The context-governed part of the corpus
As mentioned above, the spoken texts in the demographic part of the corpus consists mainly of conversational English. A complementary approach was developed to create what is termed the context-governed part of the corpus. As in other spoken corpora, the range of text types was selected according to a priori linguistically motivated categories. At the top layer of the typology is a division into four equal-sized contextually based categories: educational, business, public/institutional, and leisure. Each is divided into the subcategories monologue (40 percent) and dialogue (60 percent). Each monologue subcategory therefore totals 10 percent of the context-governed part of the corpus, and each dialogue subcategory 15 percent.
Sampling procedure
For the most part, a variety of text types were sampled within three geographic regions. However, some text types, such as parliamentary proceedings, and most broadcast categories, apply to the country as a whole and were not regionally sampled. Different sampling strategies were required for each text type, and these are:
Educational and informative domain (area):
Lectures, talks, educational demonstrations Within each sampling area a university (or college of further education) and a school were selected. A range of lectures and talks was recorded, varying the topic, level, and speaker gender.

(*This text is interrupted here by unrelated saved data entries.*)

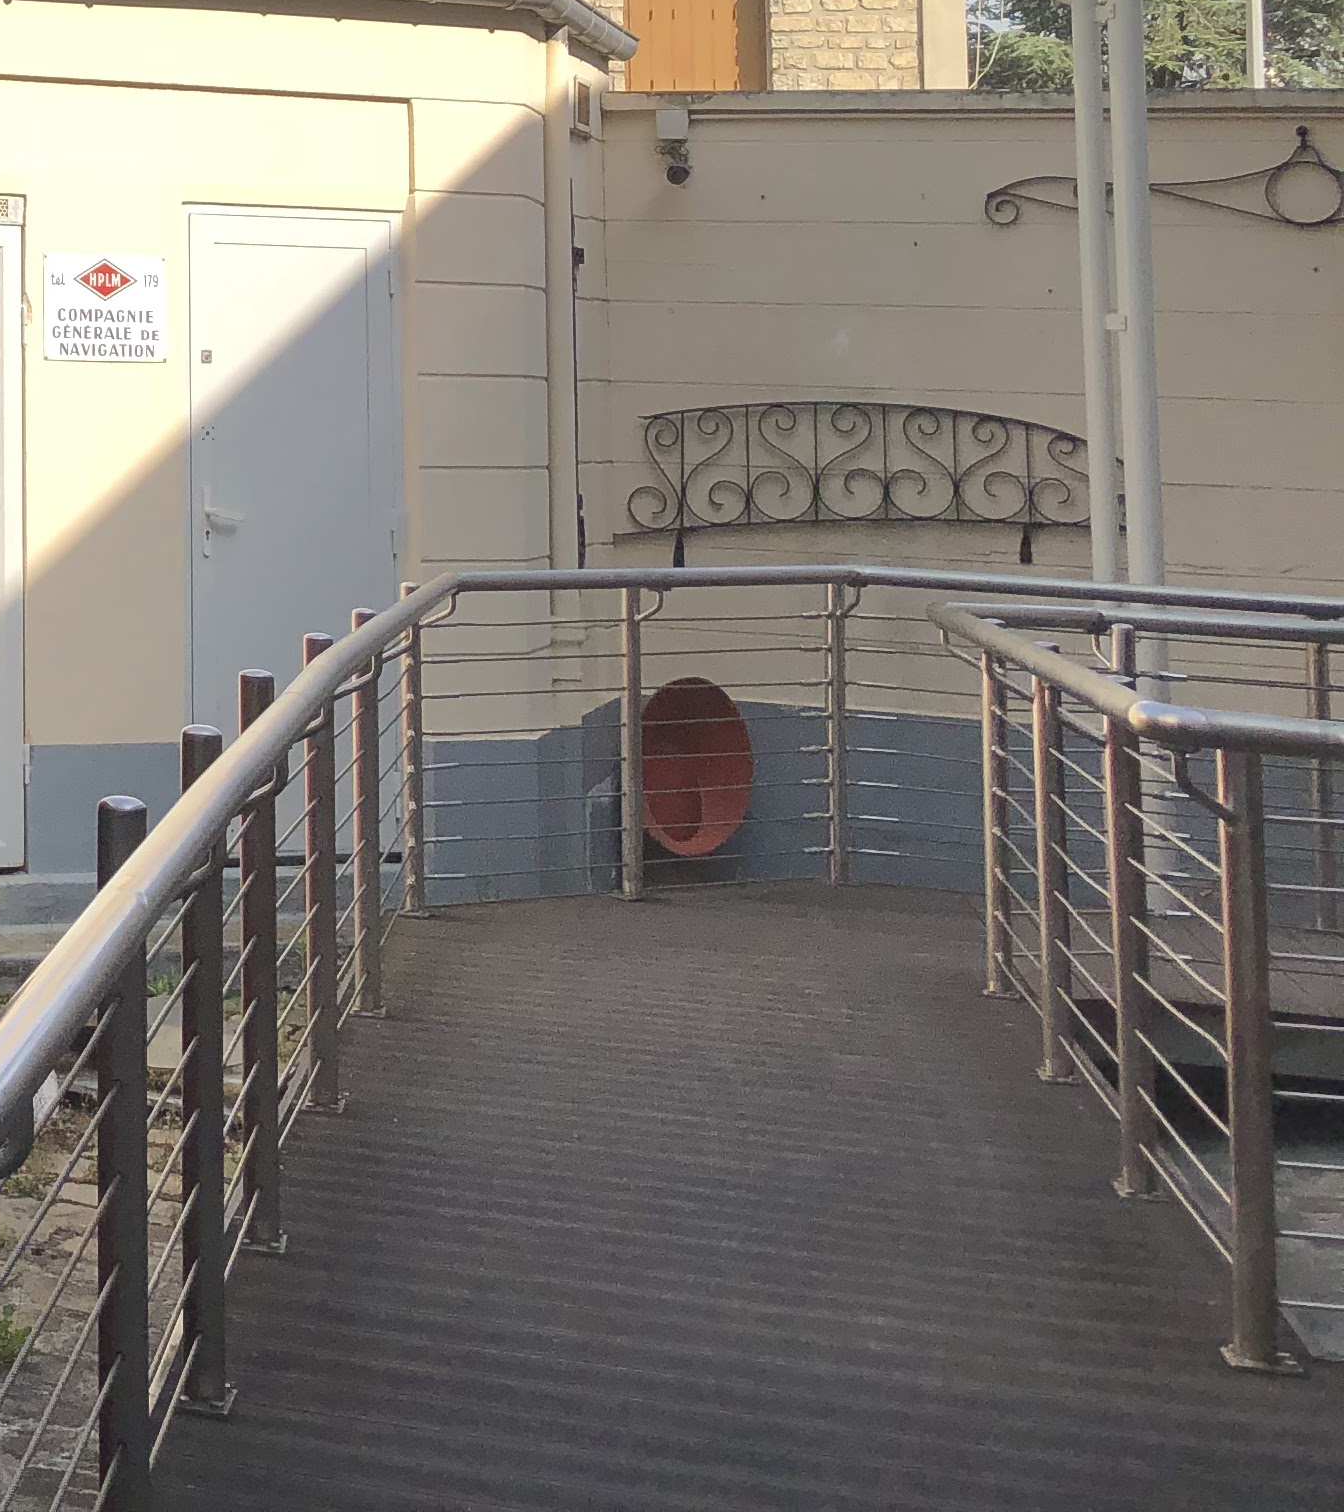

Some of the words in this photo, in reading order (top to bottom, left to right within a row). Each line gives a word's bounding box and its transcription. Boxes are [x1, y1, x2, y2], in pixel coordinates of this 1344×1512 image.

[89, 272, 121, 287] HPLM
[143, 274, 159, 287] 179
[57, 307, 154, 323] COMPAGNIE
[52, 324, 132, 340] GÉNÉRALE
[140, 329, 160, 341] DE
[59, 342, 155, 357] NAVIGATION
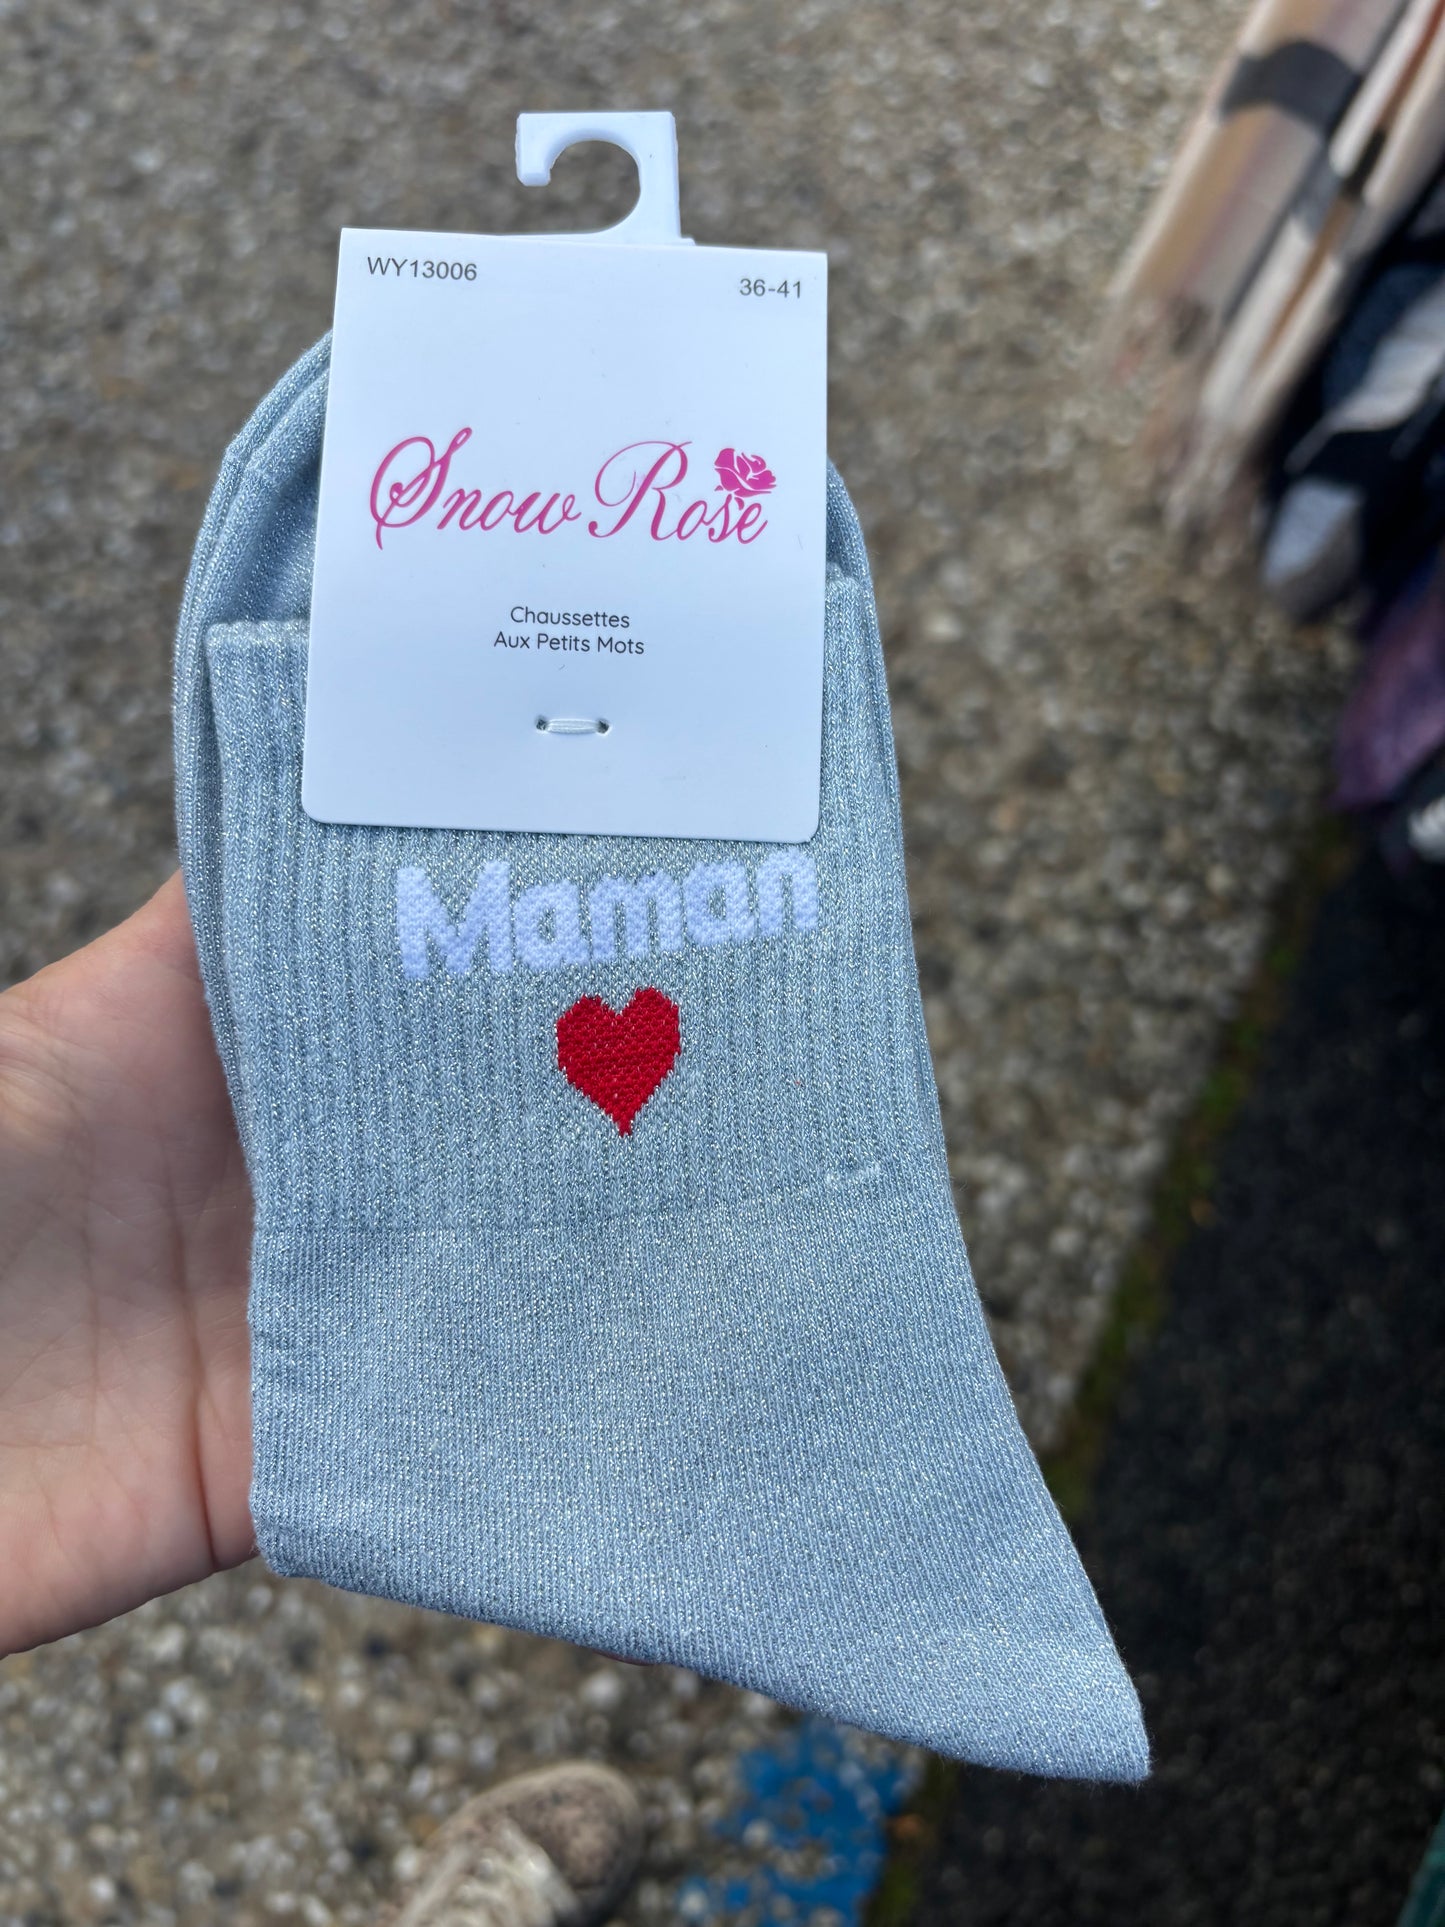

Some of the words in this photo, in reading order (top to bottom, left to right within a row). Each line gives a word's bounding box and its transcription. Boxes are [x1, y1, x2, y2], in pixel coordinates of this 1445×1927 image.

[367, 256, 478, 282] WY13006
[739, 278, 803, 299] 36-41
[369, 426, 582, 551] Snow
[588, 440, 769, 545] Rose
[510, 605, 630, 629] Chaussettes
[493, 630, 531, 651] Aux
[537, 632, 591, 653] Petits
[597, 634, 645, 655] Mots
[396, 847, 819, 981] Maman
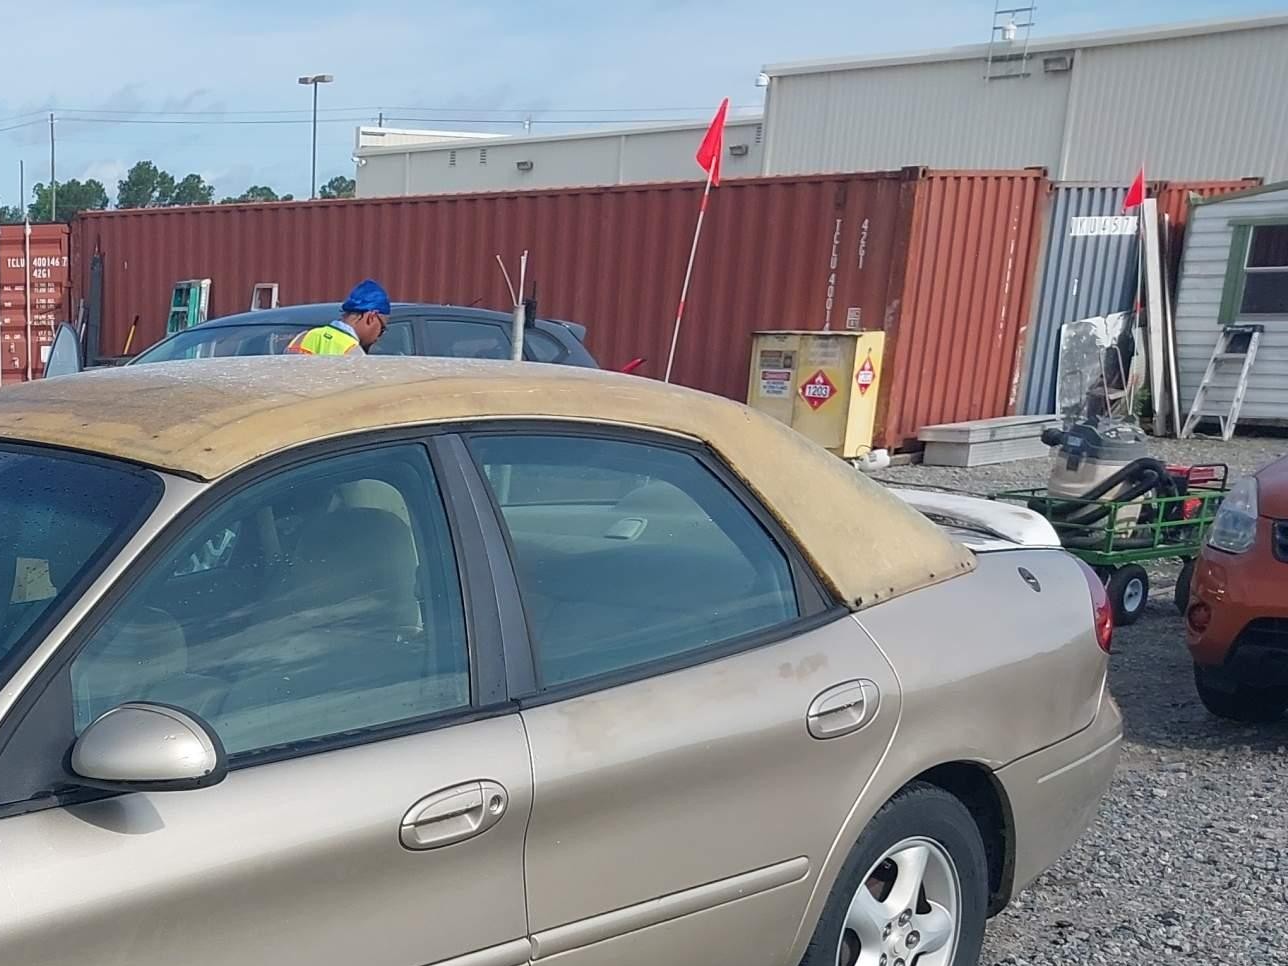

News commentaries Regional sampling was not applied, but both national and regional broadcasting companies were sampled. The topic, level, and gender of commentator was varied.
Classroom interaction Schools were regionally sampled and the level (generally based on student age) and topic were varied. Home tutorials were also included.
Business:
Company talks and interviews Sampling took into account company size, areas of activity, and gender of speakers.
Trade union talks Talks to union members, branch meetings and annual conferences were all sampled.
Sales demonstrations A range of topics was included.
Business meetings Companies were selected according to size, area of activity, and purpose of meeting.
Consultations These included medical, legal, business and professional consultations. All categories under this heading were regionally sampled.
Public/ or institutional:
Political speeches Regional sampling of local politics, plus speeches in both the House of Commons and the House of Lords.
Sermons Different denominations were sampled.
Public/government talks Regional sampling of local inquiries and meetings, plus national issues at different levels.
Council meetings Regionally sampled, covering parish, town, district, and county councils.
Religious meetings domain Includes church meetings, group discussions, and so on.
Parliamentary proceedings Sampling of main sessions and committees, House of Commons and House of Lords.
Legal proceedings Royal Courts of Justice, and local Magistrates and similar courts were sampled.
Leisure:
Speeches Regionally sampled, covering a variety of occasions and speakers.
Sports commentaries Exclusively broadcast, sampling a variety of sports, commentators, and TV/radio channels.
Talks to clubs Regionally sampled, covering a range of topics and speakers.
Broadcast chat shows and phone-ins Only those that include a significant amount of unscripted speech were selected from both television and radio.
Club meetings Regionally sampled, covering a wide range of clubs.